Winter dandelion

The edges of the petals have been cauterized by the recent frigid nights. There are no bees around. Even if the flower should go to seed, the ground is too hard to accept them.

And yet there it is, bright yellow, still living, still growing, still being.

January, 2019

Early in spring I will rip a leaf here and there, to nibble during the weeks when there is little to nibble, a week or two after the peas have been planted, months before we’ll see beans and tomatoes.

Its persistence seems to annoy most. Few folks forage, and no one makes dandelion wine anymore. Perhaps the dandelion’s reminder of who we once were, of what we once valued, is why its abundance angers us. I do not know.

A few weeks after flowering, the yellow gives way to a white soft globe, soft as baby hair, each tuft carrying a seed. Make a wish and blow the pods away.

The dandelion’s roots delve deep into the earth, snorting in water, sniffing out trace elements we have no idea we need (but we do), feasting on the feces left by an earthworm.

Some of the dandelions on our yard have been here over a decade, gathering sunlight, feeding the bees, feeding me.

I spent a wasted lifetime killing them.

February light

Crocuses poking up through the frozen earth

February is still here, hanging on as it does, but the light has changed.

February comes from a word meaning “the purging”, and was long the last month for the Romans, occasionally followed by Mercedonius, a month (of sorts) tucked into the calendar to get the calendar back in sync with the seasons.

While we mark our time in chunks set by people who lived a long time ago, people who knew nothing of this side of the Atlantic Ocean, the ancient souls in our ancient brains know the light has changed.

So does the life around us.

The geese are back, the crocus spear through the frozen earth, and the squash from last summer are getting soft.

Last summer’s fruit, this spring’s seeds.

I keep planting, I keep brewing, I keep playing my guitar badly, and I keep getting older. Something has to give.

And it will, but that’s all right. My molecules are vibrating as I breathe, and they will keep vibrating when I die, in one form or another.

(That’s not a metaphor, it’s how the universe works.)

My uke, not my guitar–I’m even worse on the uke.

I just came back from visiting my almost 3 month old grand-daughter. She laughs because that’s what humans do. And eventually I need to get out of her way. And I will.

In the meantime I will continue to sow, to harvest, to cull, to peel, to cut, to cook, to eat.

Ed tech, napkin 2.0

If you cannot teach someone with no more than a napkin and a pen, or less, you should not teach.

A few reasons why the napkin and pen (or beach and a stick) method is superior to anything that requires electricity:

  • The nature of napkin ed requires one to one teaching. Both the teacher and the student are exposed, limits of knowledge tested. As uncomfortable as this may be, it’s the heart of education–the ledge of ignorance for both the student and the teacher is an integral part of the process.
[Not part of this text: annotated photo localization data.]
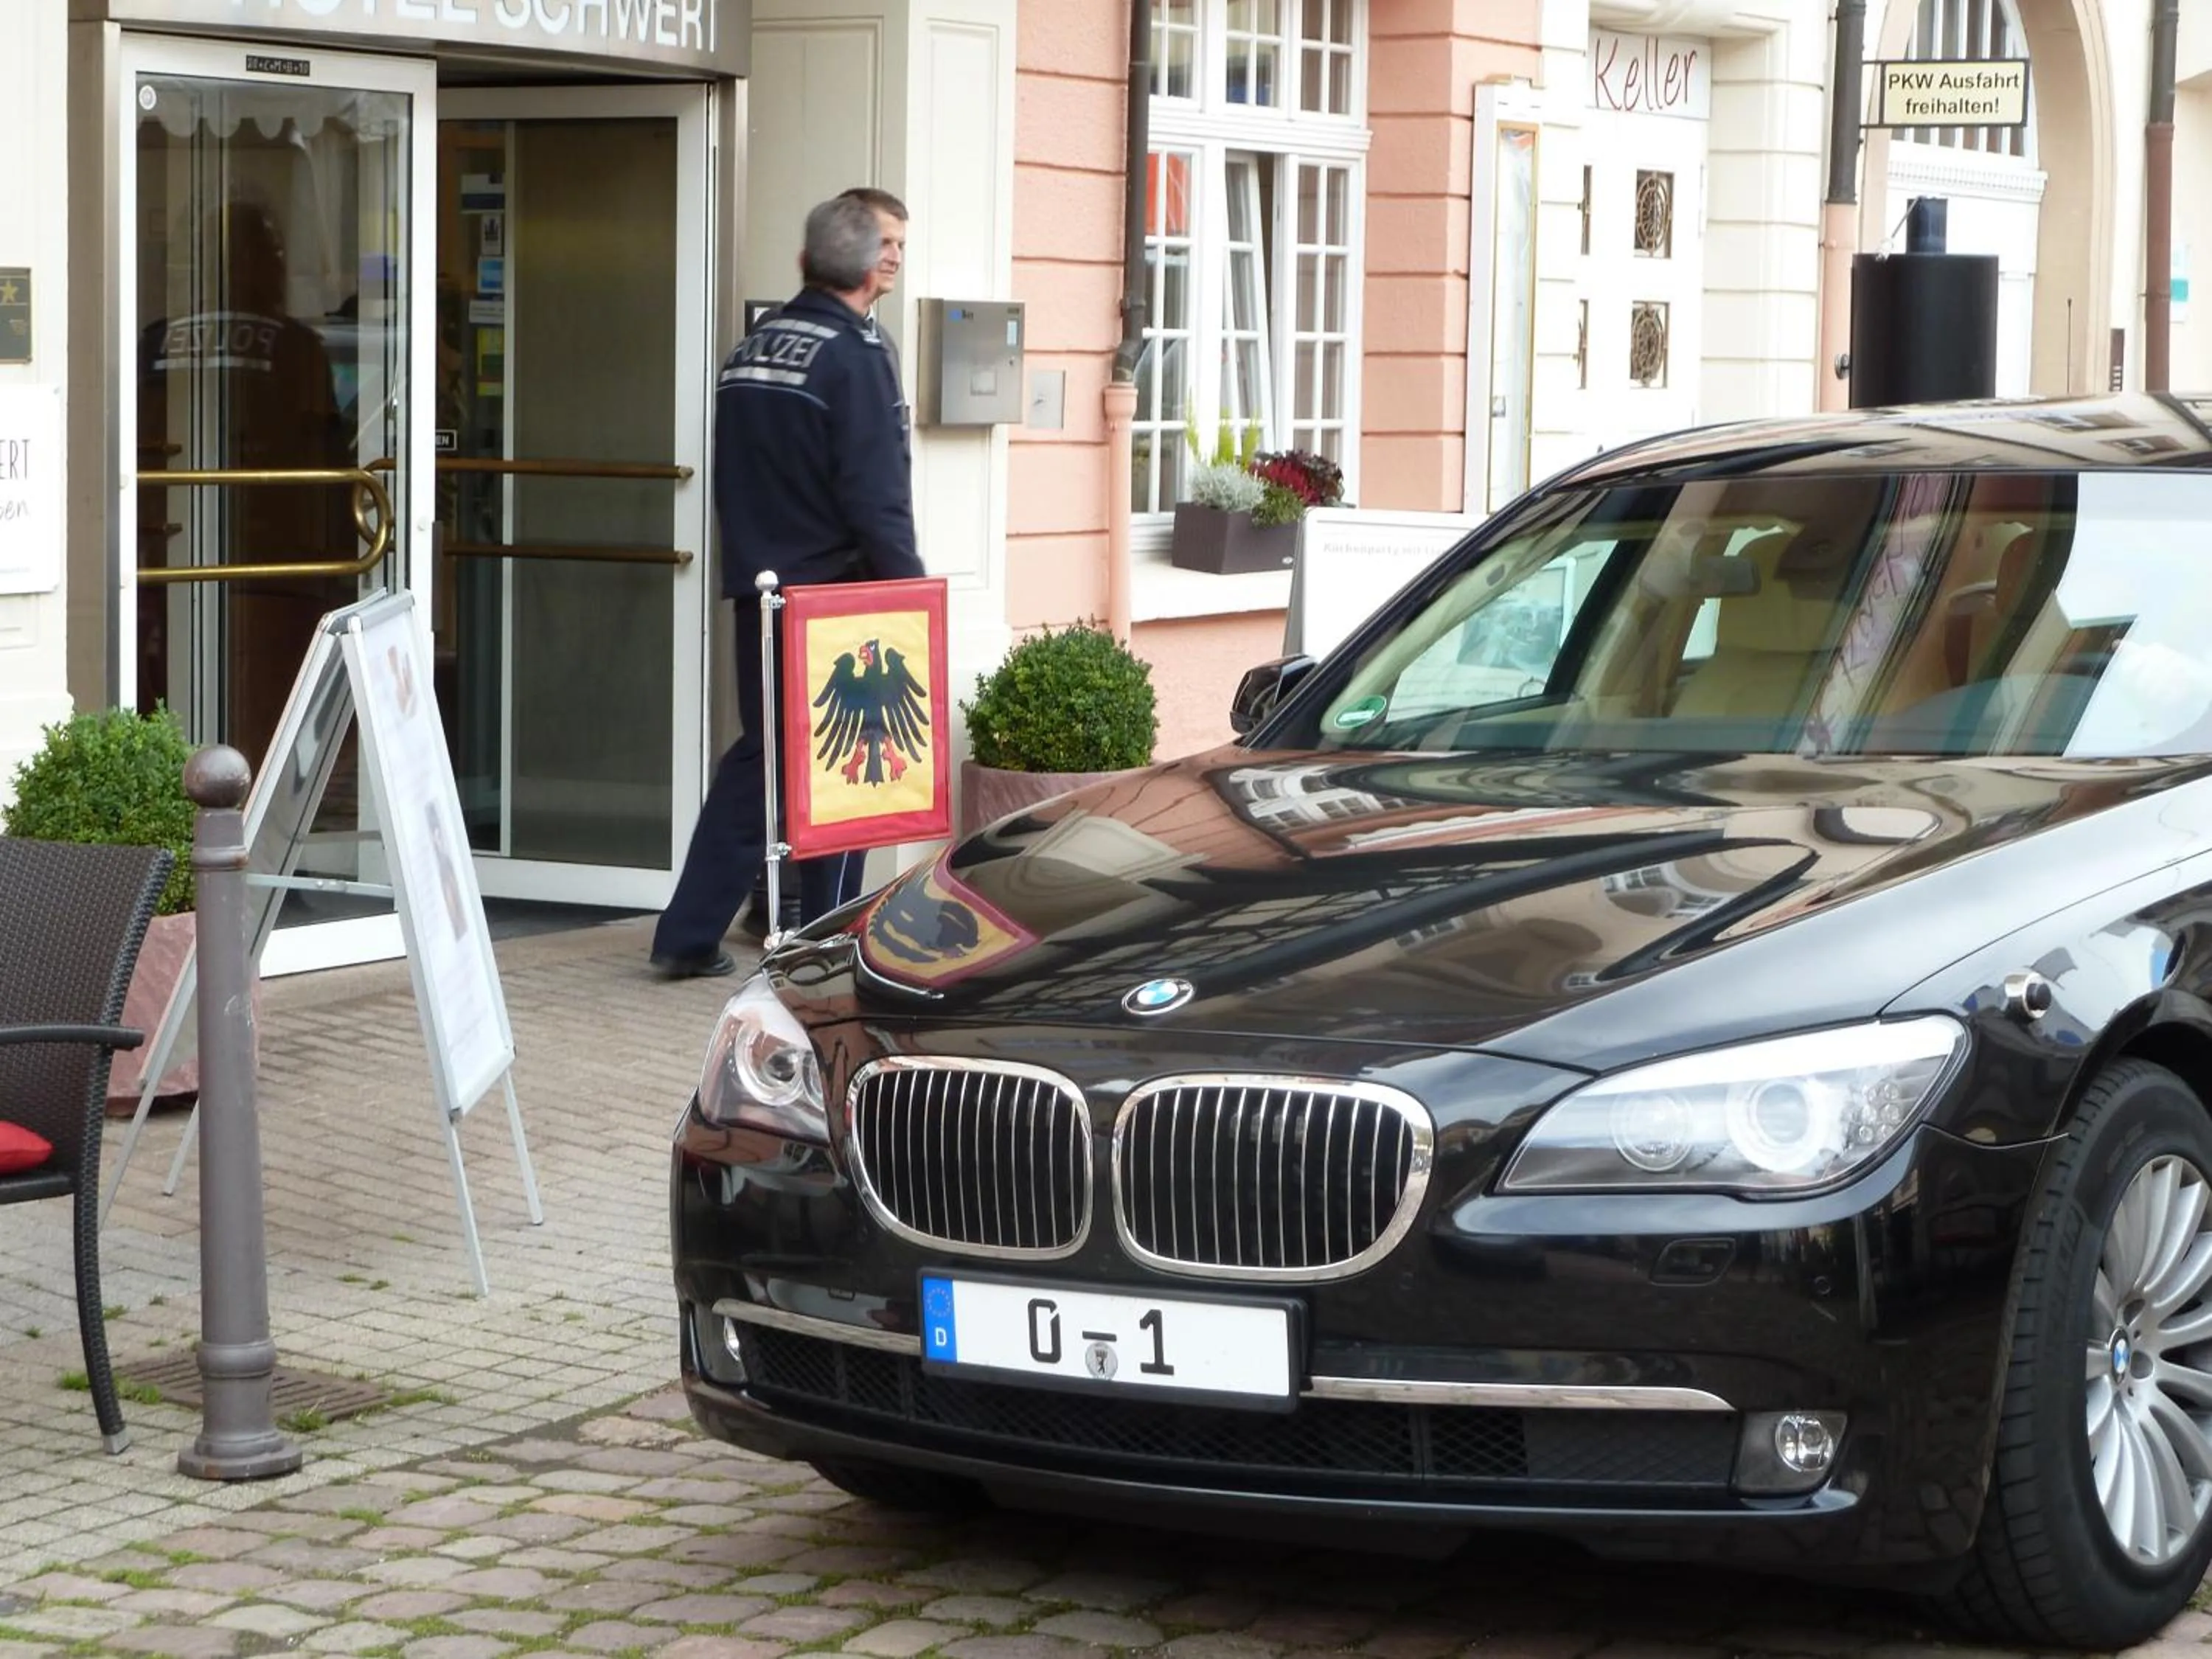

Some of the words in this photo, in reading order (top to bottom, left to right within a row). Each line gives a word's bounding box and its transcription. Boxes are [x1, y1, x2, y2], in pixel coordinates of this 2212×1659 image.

[1595, 35, 1697, 111] Keller
[1888, 74, 1933, 89] PKW
[1939, 72, 2020, 89] Ausfahrt
[1906, 97, 2000, 114] freihalten!
[935, 1328, 947, 1347] D
  • It’s cheaper. I like cheap. I’m not blowing off mountaintops, damming rivers, or splitting atoms.

  • Any drawing used requires intimate knowledge by the teacher. Hand-made drawings matter more than any fancy illustration you can toss up on a Smartboard. The value of the process of etching a drawing live, with the student watching, cannot be overstated. It’s not an easy thing to do without an exquisite knowledge of the point you are making. Electric palettes cover a lot of ignorance. (Darwin’s On the Origin of Species had one illustration, a crude, hand-drawn picture of a branching “Tree of Life.”)
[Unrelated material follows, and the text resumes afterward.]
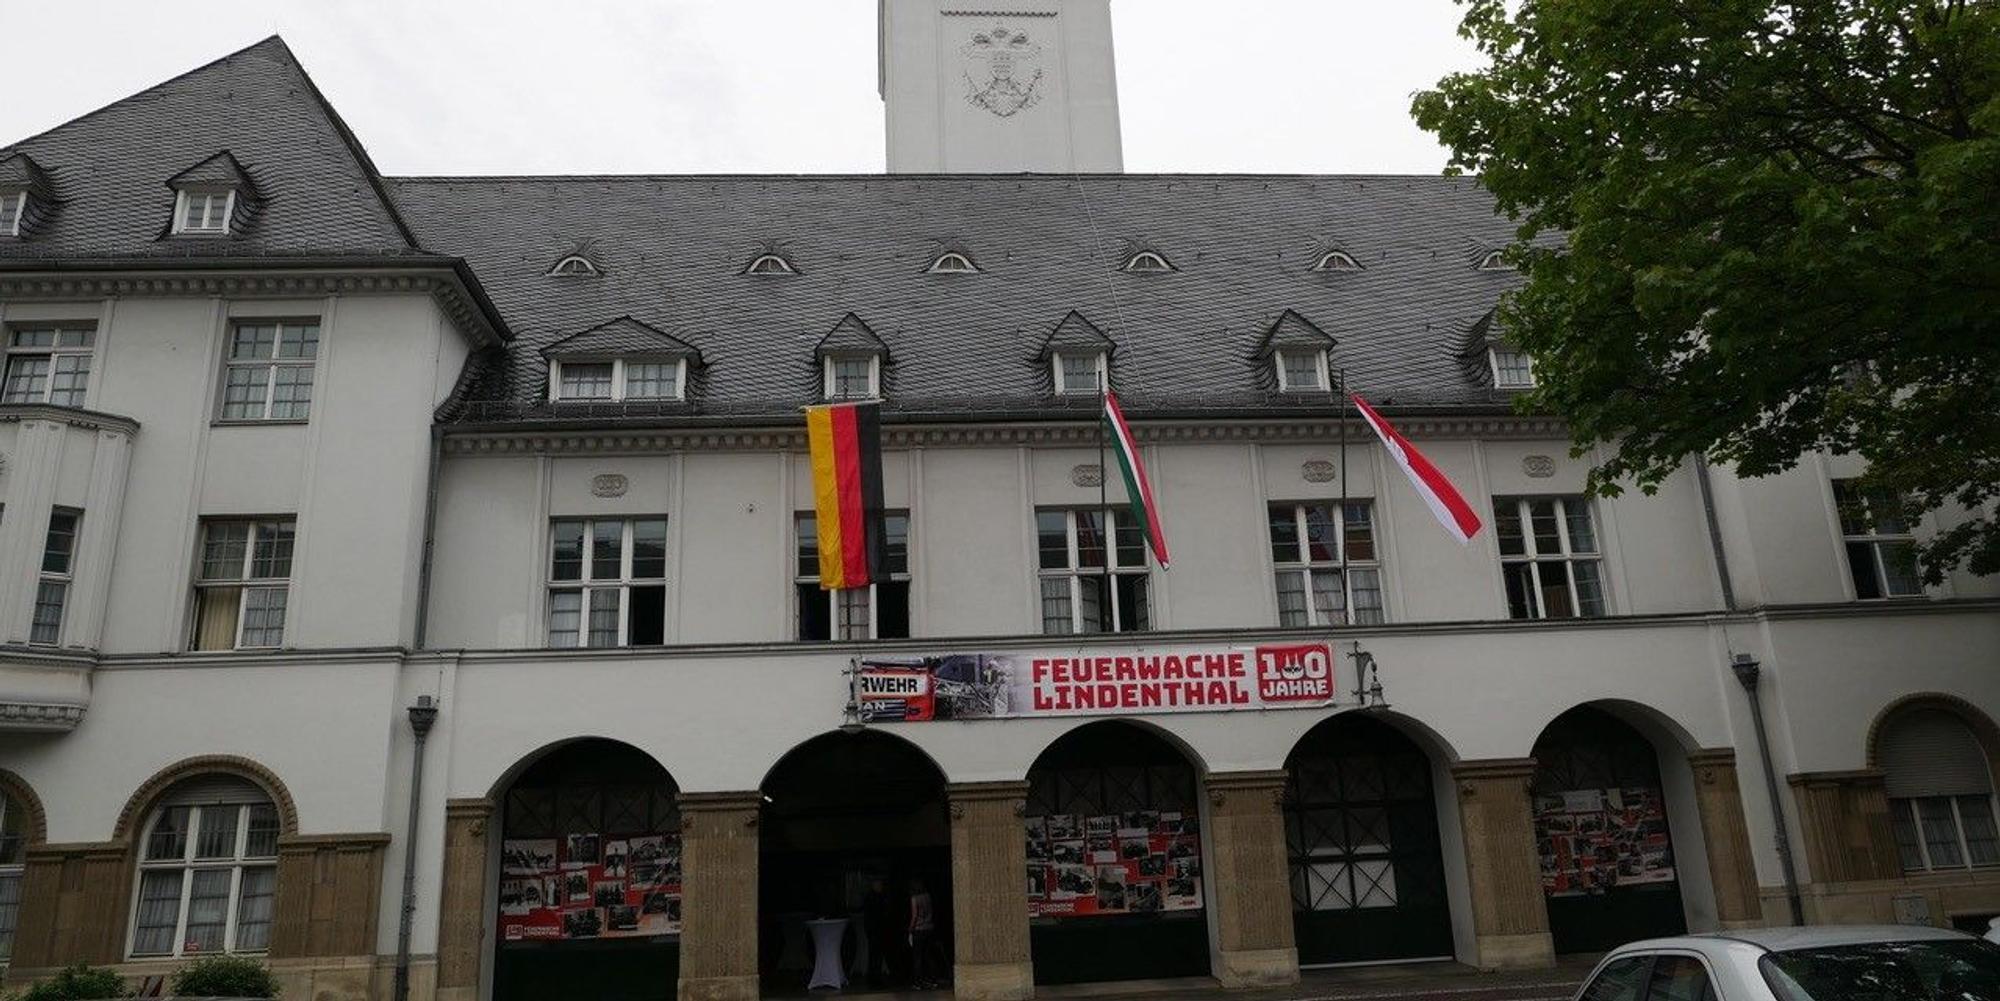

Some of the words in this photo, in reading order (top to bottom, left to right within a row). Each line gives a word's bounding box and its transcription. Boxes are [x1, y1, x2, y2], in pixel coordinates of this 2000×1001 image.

[1033, 654, 1245, 683] FEUERWACHE
[1034, 681, 1249, 710] LINDENTHAL
[1263, 679, 1328, 697] JAHRE
Most of us doing this gig for any length of time can wow our young charges with flashing lights. We are performers, entertainers, dragging bored children through curricula they see as pointless.

So long as our job is to instill a common cultural litany, well, high tech pizazz works just dandy.
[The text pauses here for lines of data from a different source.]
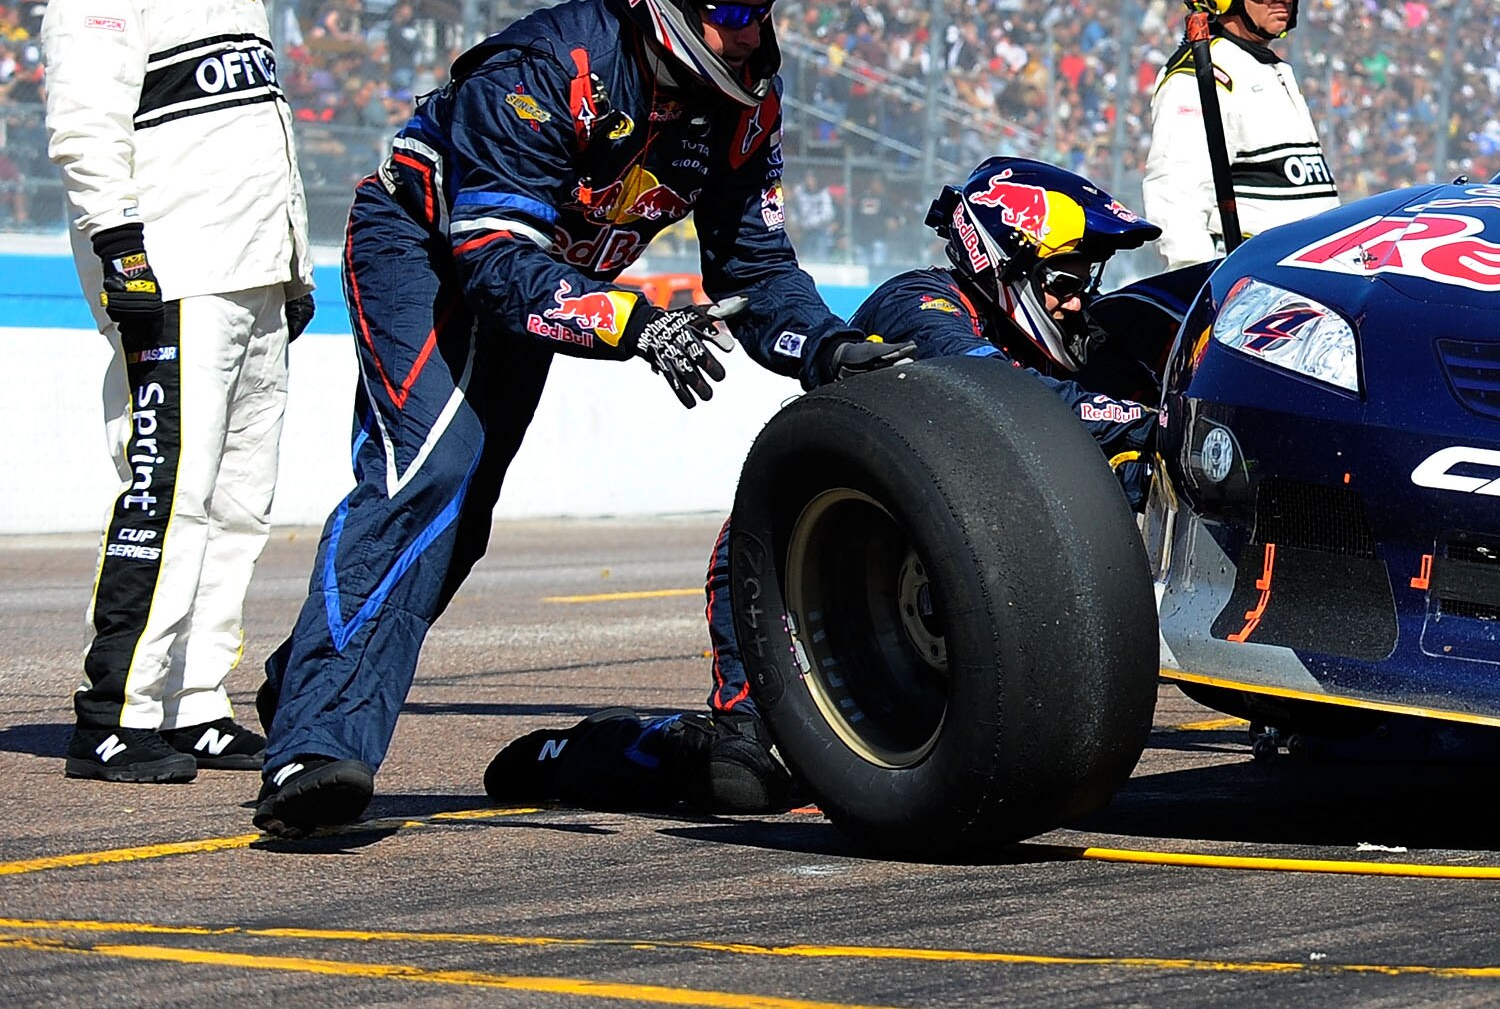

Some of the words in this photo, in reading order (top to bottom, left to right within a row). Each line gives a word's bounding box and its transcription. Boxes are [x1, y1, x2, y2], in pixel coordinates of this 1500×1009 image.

[527, 313, 562, 340] Red
[560, 323, 594, 349] Bull
[140, 346, 177, 362] NASCAR
[1081, 402, 1114, 422] Red
[1113, 404, 1142, 424] Bull
[123, 382, 165, 511] Sprint
[118, 528, 157, 543] CUP
[106, 543, 161, 560] SERIES
[95, 734, 128, 763] N
[194, 727, 234, 756] N
[538, 739, 568, 761] N
If you want to teach a child how to think, though, be careful with the new tools. If you are letting an electronic third party make a point in your classroom, and it does a better job than you can, well, draw your own conclusion.

You can do better. It might take time, it might require more work, it might even cause you to burst out in tears now and again.

You wanted to be a teacher, no?

The first drawing above is by Francis Crick, a doodle of his impression of DNA, a concept he shared with his pub brethren.

The second is by Darwin.

Ironically, neither is likely to be featured in a high school science class.